Fuori dall’astrazione, è la vicenda di internet, che deve costituire una rete nella quale tutti possono accedere senza costi, altrimenti manca la sostanza stessa del diritto di partecipare e di realizzare la propria personalità. E certamente è un bene comune il patrimonio culturale di Ovidio, che non può – a differenza di quello che ha ritenuto il Tribunale di Sulmona l’anno scorso nella vicenda della corona di aglio delittuosamente poggiata sulla sua testa – coincidere con la tutela della statua e, quindi, con il rispetto dei soli diritti del proprietario della statua; tanto è vero che anche chi non è sindaco del Comune proprietario della statua può agire in giudizio “a tutela di un bene lontano dal luogo in cui vive”.

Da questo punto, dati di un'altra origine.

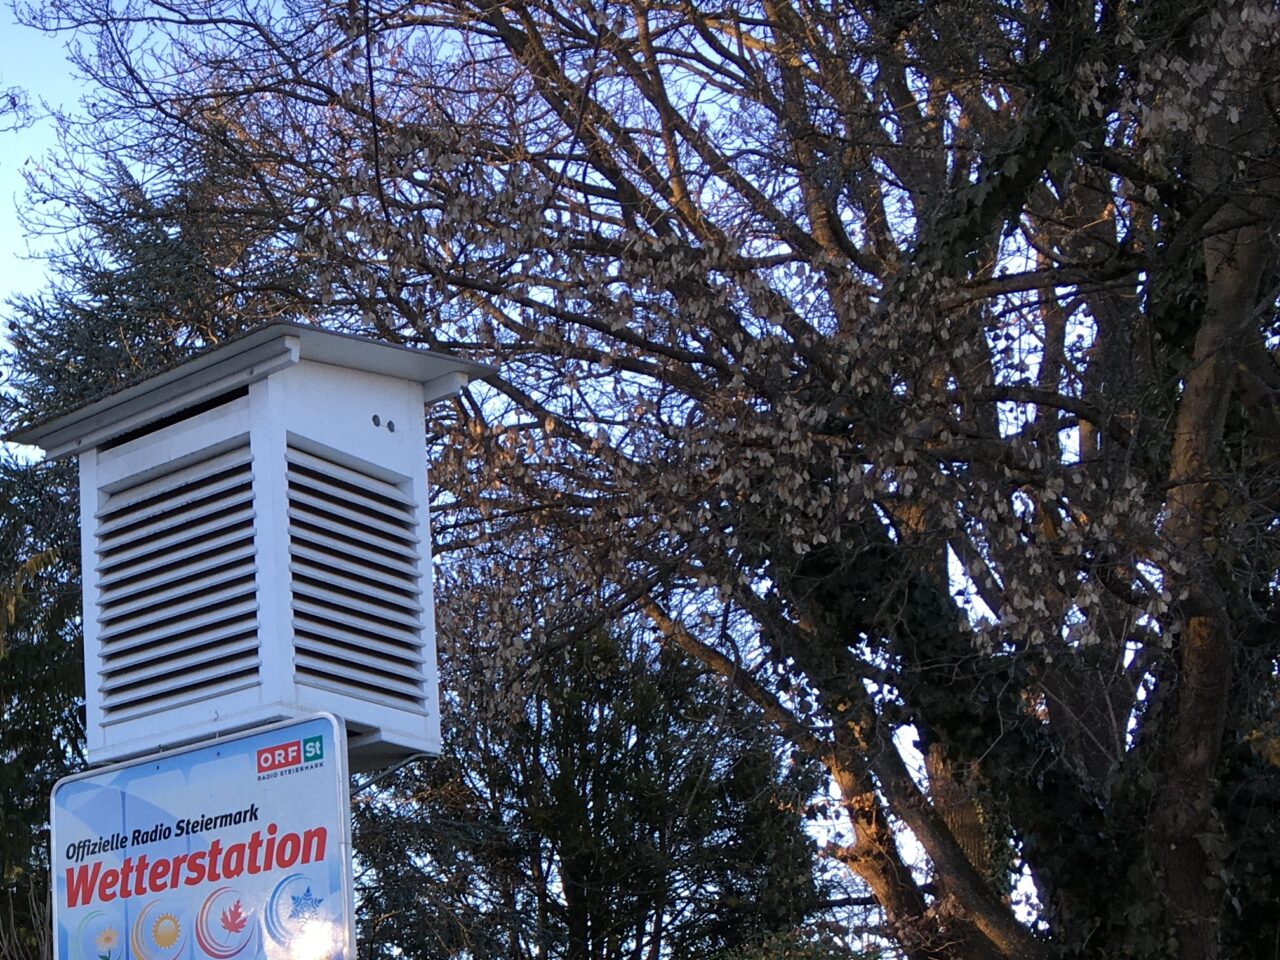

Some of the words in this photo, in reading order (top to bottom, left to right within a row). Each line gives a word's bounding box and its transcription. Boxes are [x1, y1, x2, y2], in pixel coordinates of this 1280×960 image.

[257, 772, 278, 782] RADIO
[280, 762, 324, 776] STEIERMARK
[260, 746, 298, 768] ORF
[305, 740, 321, 757] St
[65, 833, 128, 863] Offizielle
[131, 823, 172, 847] Radio
[175, 803, 259, 836] Steiermark
[65, 822, 327, 908] Wetterstation
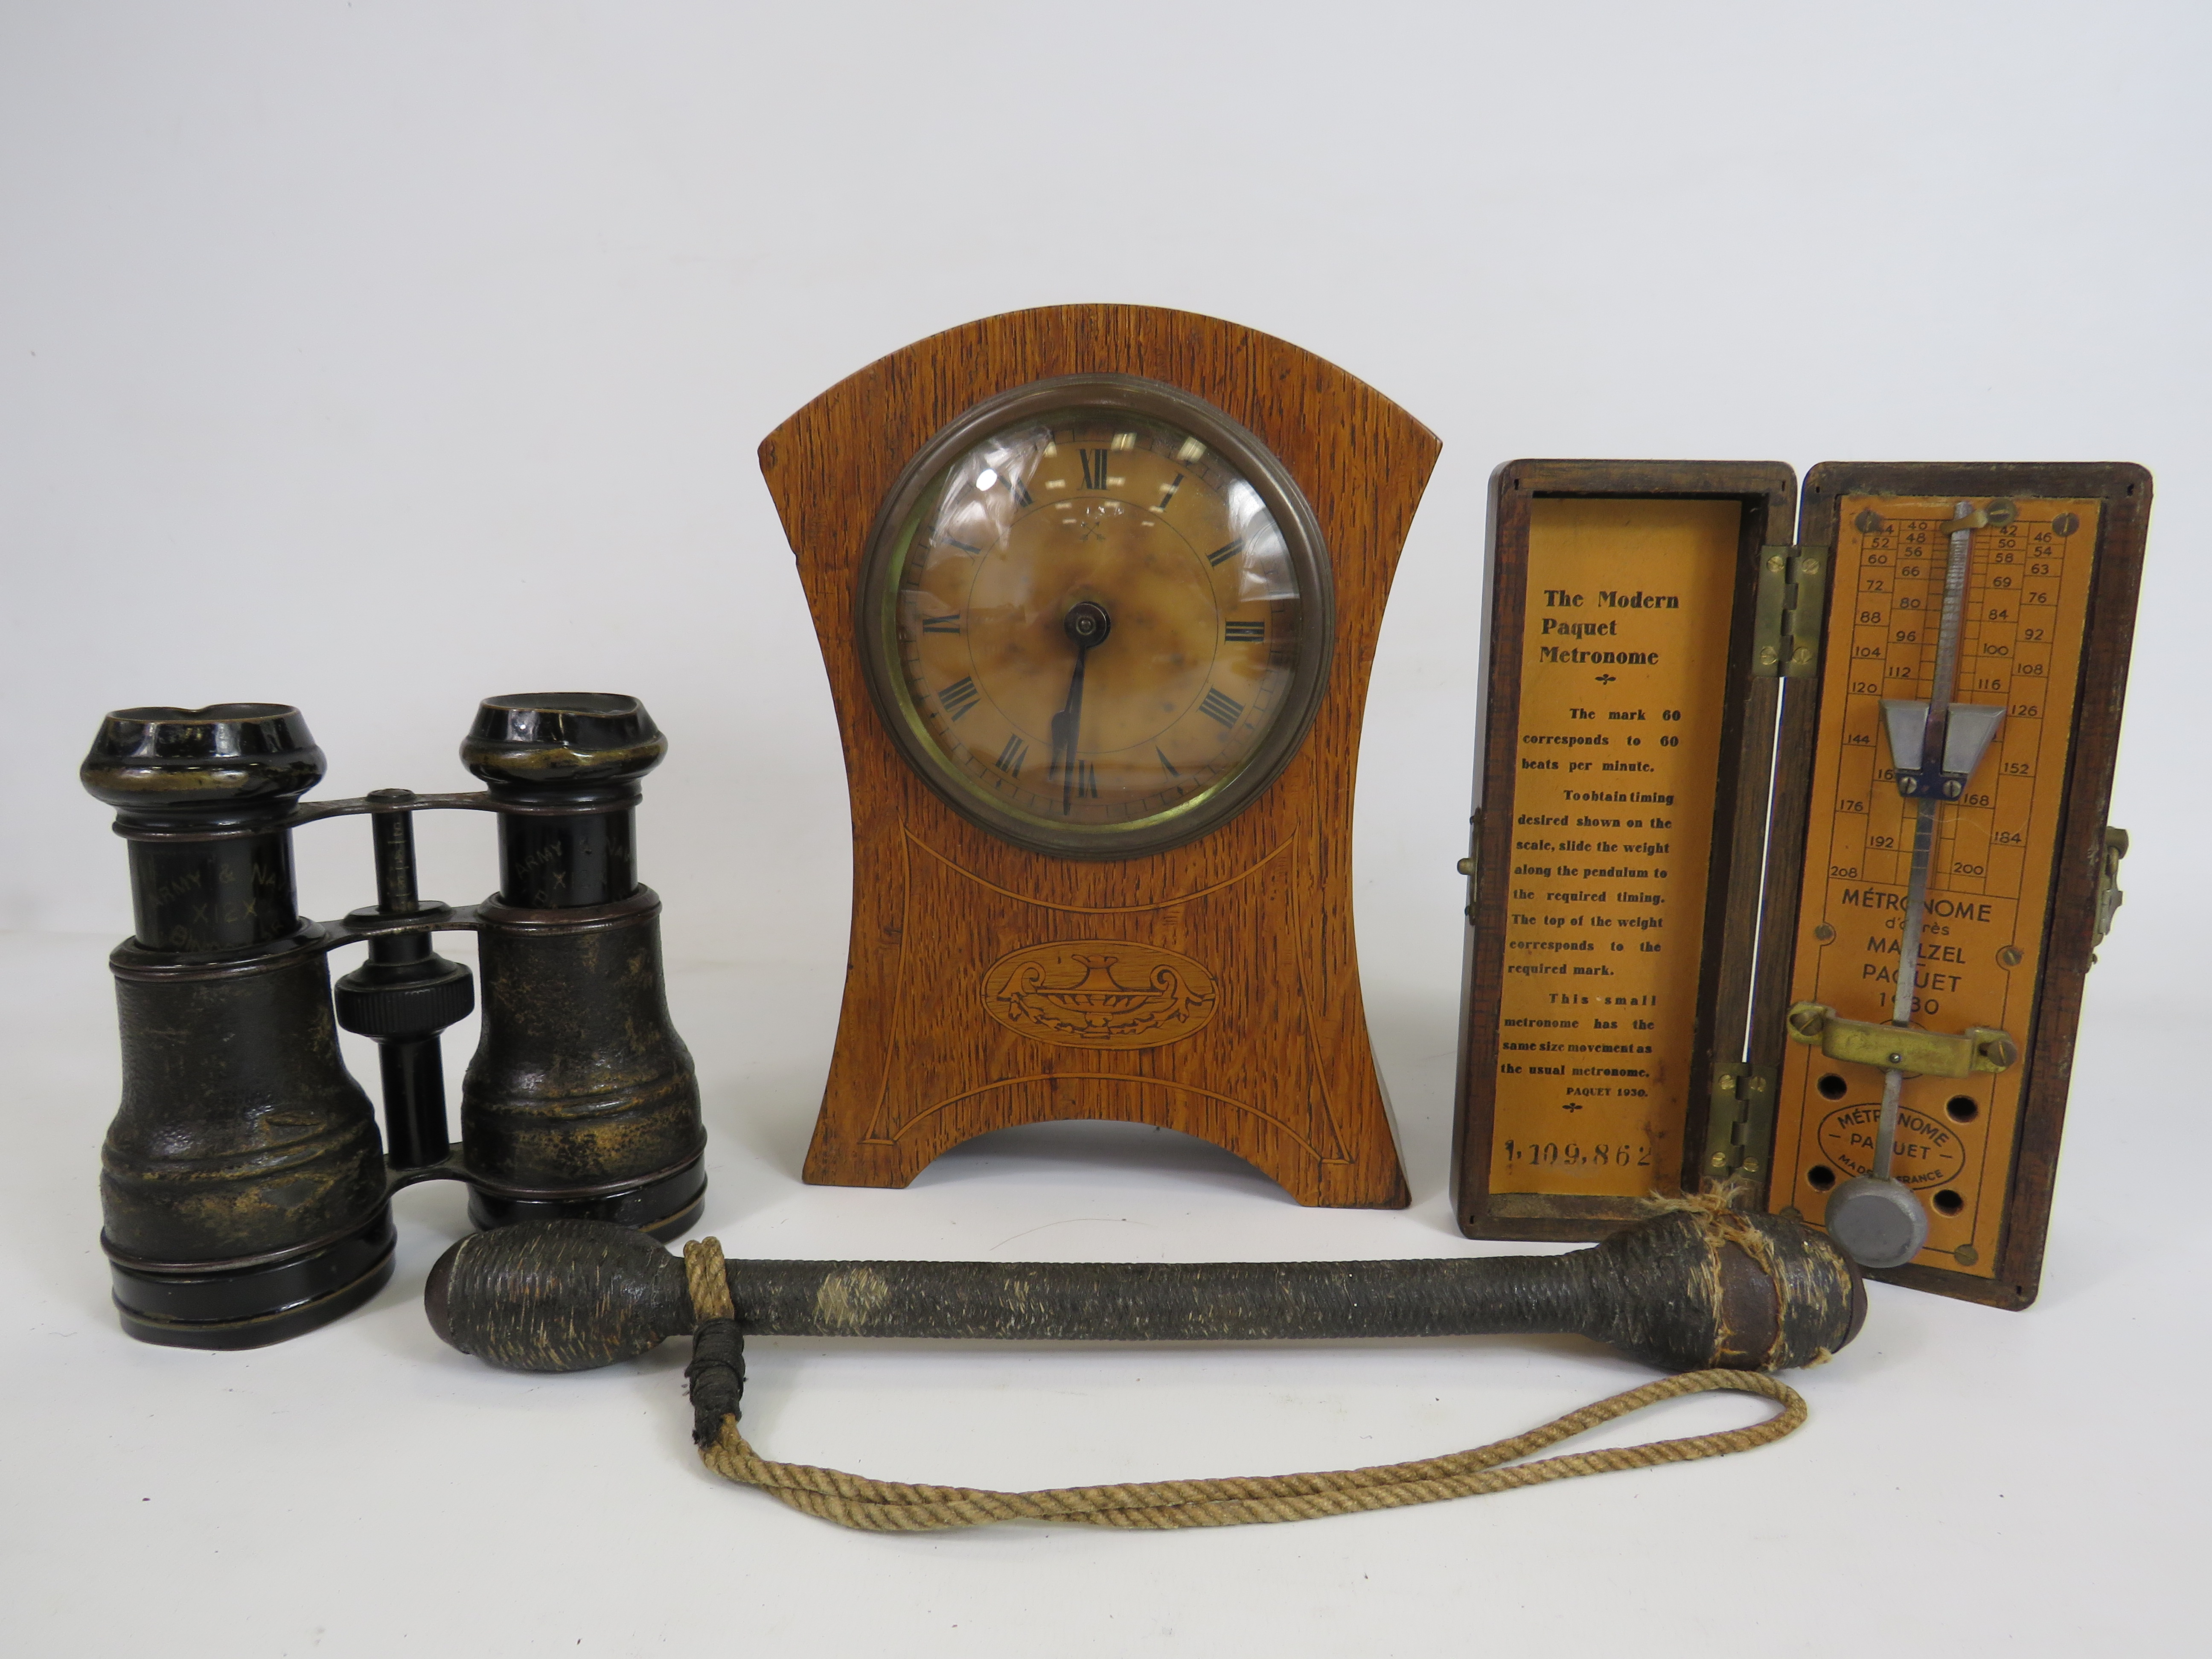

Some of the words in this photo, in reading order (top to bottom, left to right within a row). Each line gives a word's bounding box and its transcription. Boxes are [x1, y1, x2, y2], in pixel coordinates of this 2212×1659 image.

L’essenziale, come per tutti i veri Maestri, è aver seminato bene. E se per l’affermazione di una società più giusta Sandulli riteneva che le aree avvantaggiate dagli strumenti urbanistici dovessero essere incise per creare una cassa di compensazione a favore di quelle con destinazioni meno favorevoli (e certamente Sandulli non era comunista; voleva solo evitare che si compisse quella che Massimo Severo Giannini definiva la peggiore vicenda corruttiva nella gestione delle amministrazioni locali), Rodotà ha tracciato le linee attraverso le quali tutti potremo sentirci padroni delle cose della nostra società, della nostra civiltà, della nostra vita.

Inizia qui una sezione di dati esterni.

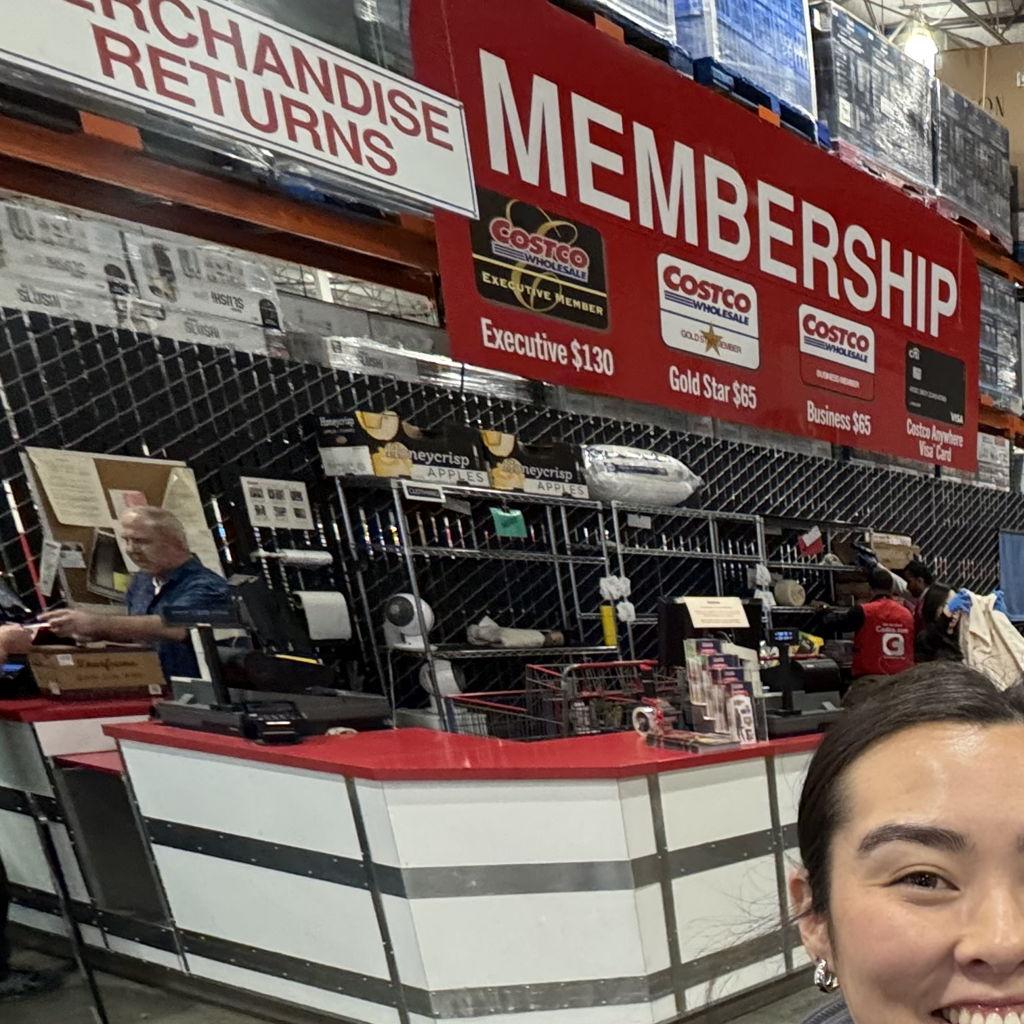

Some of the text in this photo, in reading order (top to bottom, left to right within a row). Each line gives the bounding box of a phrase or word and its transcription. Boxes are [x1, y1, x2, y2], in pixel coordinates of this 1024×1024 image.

[91, 22, 398, 176] RETURNS
[478, 48, 958, 338] MEMBERSHIP
[489, 217, 590, 269] COSTCO
[524, 252, 587, 280] WHOLESALE
[482, 271, 604, 316] EXECUTIVE MEMBER
[663, 265, 752, 314] COSTCO
[693, 300, 750, 326] WHOLESALE
[480, 317, 615, 377] Executive $130
[802, 313, 870, 353] COSTCO
[824, 342, 868, 364] WHOLESALE
[669, 365, 757, 410] Gold Star $65
[807, 399, 872, 436] Business $65
[906, 417, 964, 447] Costco Anywhere
[919, 440, 952, 462] Visa Card
[427, 467, 485, 484] APPLES
[537, 481, 585, 497] APPLES
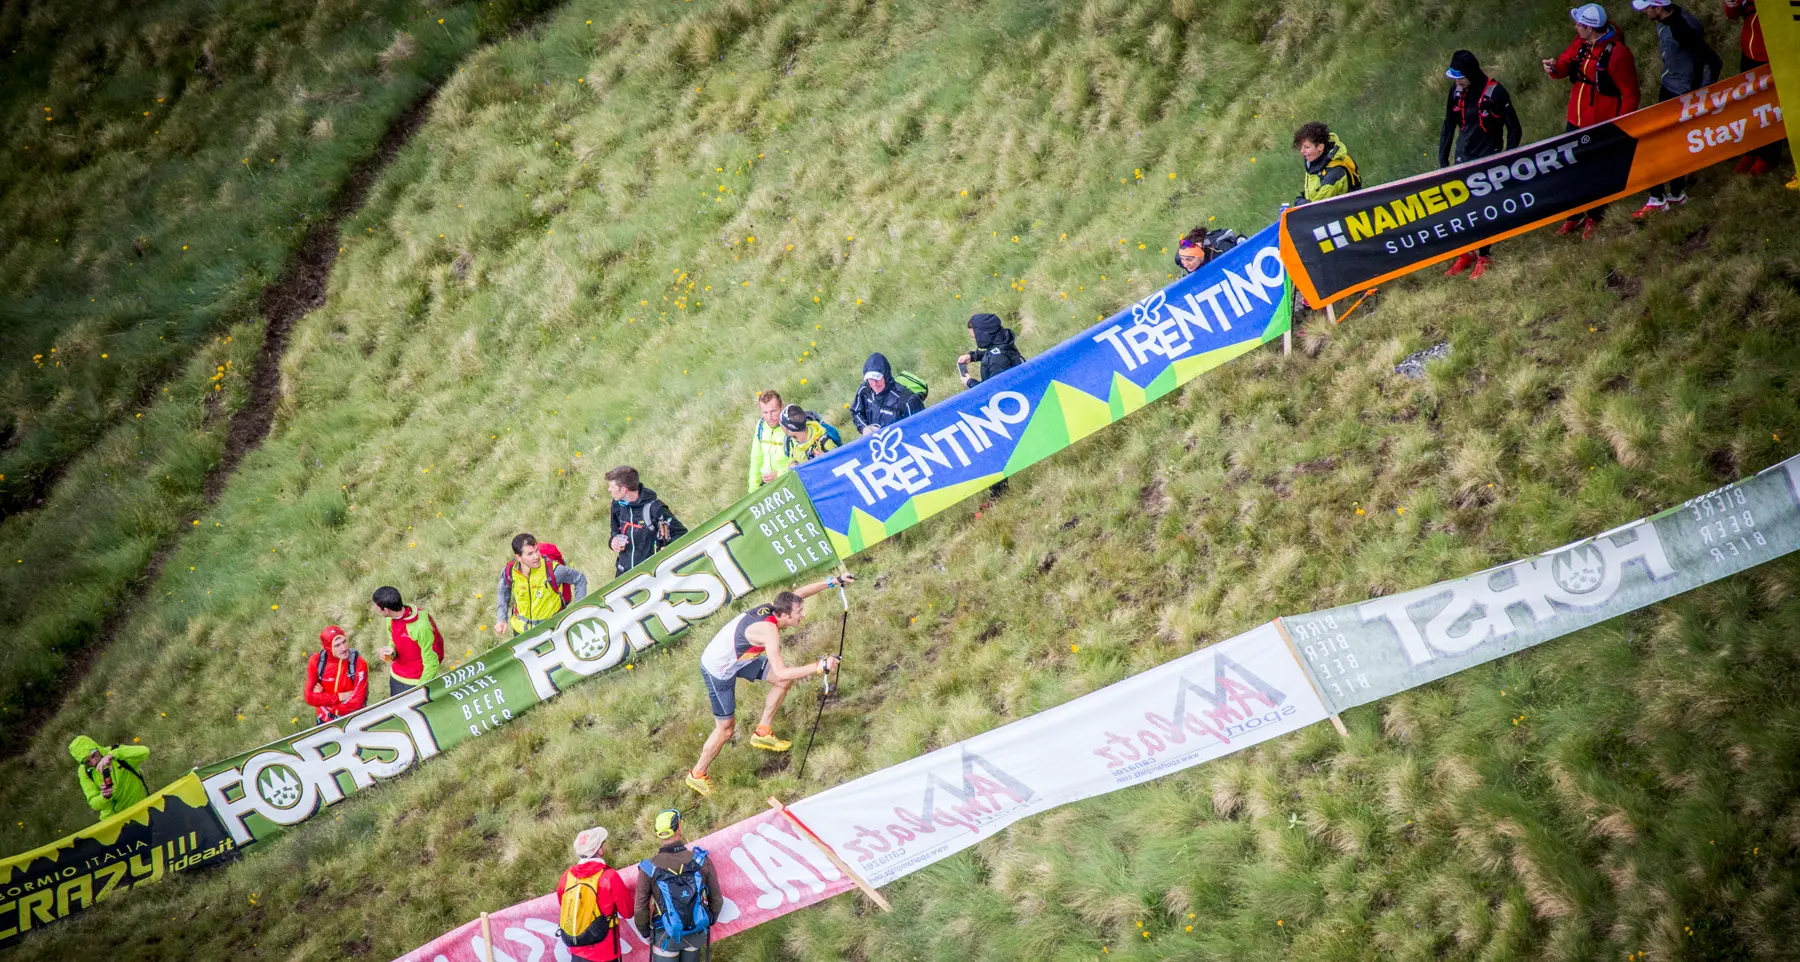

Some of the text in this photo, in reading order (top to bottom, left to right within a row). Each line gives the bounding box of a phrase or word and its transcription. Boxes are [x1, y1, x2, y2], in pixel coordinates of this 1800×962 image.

[1679, 72, 1772, 122] Hydr
[1687, 103, 1783, 153] Stay Tr
[1385, 192, 1536, 254] SUPERFOOD
[1093, 246, 1284, 371] TRENTINO
[832, 390, 1030, 506] TRENTINO
[749, 487, 795, 520] BIRRA
[759, 504, 808, 537] BIÈRE
[771, 522, 820, 555] BEER
[784, 540, 832, 573] BIER
[512, 520, 757, 701] FORST
[442, 661, 485, 688] BIRRA
[449, 675, 497, 700] BIÈRE
[462, 688, 505, 720] BEER
[202, 687, 440, 847] FORST
[86, 840, 148, 869] ITALIA
[169, 837, 234, 873] idea.it

Poi non è detto che la giurisprudenza recepisca subito la sostanza delle cose che si manifesta secondo una interpretazione profonda e innovativa: come sosteneva il grande imperatore romano Adriano secondo il filtro di Yourcenar, avere ragione troppo presto significa avere torto (v. “Ma veramente è andata così?“, colloquio con il prof. Pietro Rescigno). Ma i Maestri non hanno il compito di leggere le norme e pretendere che gli allievi le mandino a memoria, perché se fosse così scomparirebbero alla prima modifica della legge; invece continuano ad accompagnare il cammino del diritto. E restano presenti, molto più a lungo di una afosa giornata di giugno nei viali della Sapienza, come quella di oggi, una di quelle che segnavano le sessioni dei loro esami e il definitivo saluto agli studenti del corso.